During a recent conversation on the subject, Susan Crawford, former Obama adviser and author of Captive Audiences, said that one of the main barriers to access is the high price for broadband being charged by a monopoly of telecommunications firms.
“A hundred years ago, many people thought that electricity was a luxury,” she said. “It took a decade to make sure everyone had electricity. At the time there were special interest groups that wanted to make sure only rich people had it. We succeeded as a nation because we realized that it was better for everyone’s quality of life to have electricity.”
Universal broadband access improves everyone’s quality of life by leveling the playing field for marginalized communities. Many things we do in our lives are now required to be done online, like applying for jobs and other resources or accessing health records. Furthermore, the Internet is no longer dial-up friendly. The vast majority of websites today are designed to be viewed using high-speed Internet.
But what about mobile phones? Yes, mobile technology has greatly helped to reduce the digital divide. As a matter of fact, it is expected that more people will access the Internet on their mobiles than on a PC by this year. But there are limitations to using mobiles as well, such as slower connections based on what carrier is used and smaller screens. It is also harder to type long-form documents like resumes and term papers on a mobile.
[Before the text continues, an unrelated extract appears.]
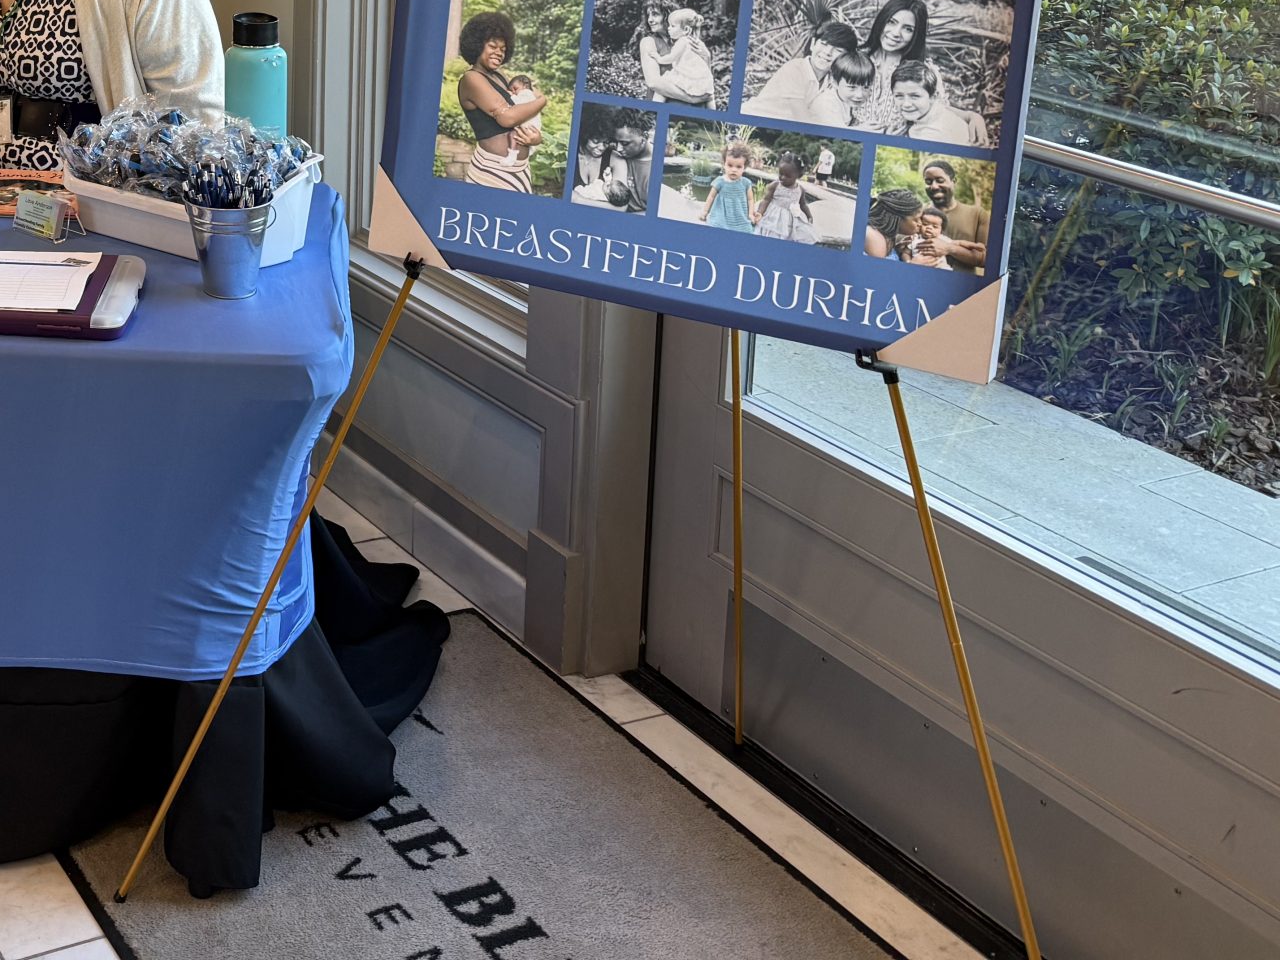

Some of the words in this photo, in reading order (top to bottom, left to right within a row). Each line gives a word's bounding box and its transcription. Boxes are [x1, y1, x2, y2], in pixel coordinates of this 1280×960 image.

[436, 206, 717, 293] BREASTFEED
[367, 781, 470, 872] HE
[432, 876, 558, 960] BL
But what about public libraries? Yes, public libraries have led the path to more Internet access in marginalized communities. However, most libraries have time limits on computer use, and because many times they are not well maintained, the computers may have viruses and break easily and often. Also, some librarians are not digitally literate and are not the most useful in helping those seeking computer help, although this is changing in many communities.
During the Broadband Summit, Rep. Doris Matsui said she was planning on reintroducing the Broadband Affordability Act in Congress in the next few weeks. The original bill required “the Federal Communications Commission (FCC) to establish a broadband lifeline program enabling qualifying low-income customers residing in urban and rural areas to purchase broadband service at reduced charges by reimbursing providers for each such customer served.” The Act would also mandate that it “be similar in structure to the Lifeline program for basic telephone service, prevent awarding duplicate subsidies for an individual eligible household, and promote competition from broadband service providers by using neutral technology.”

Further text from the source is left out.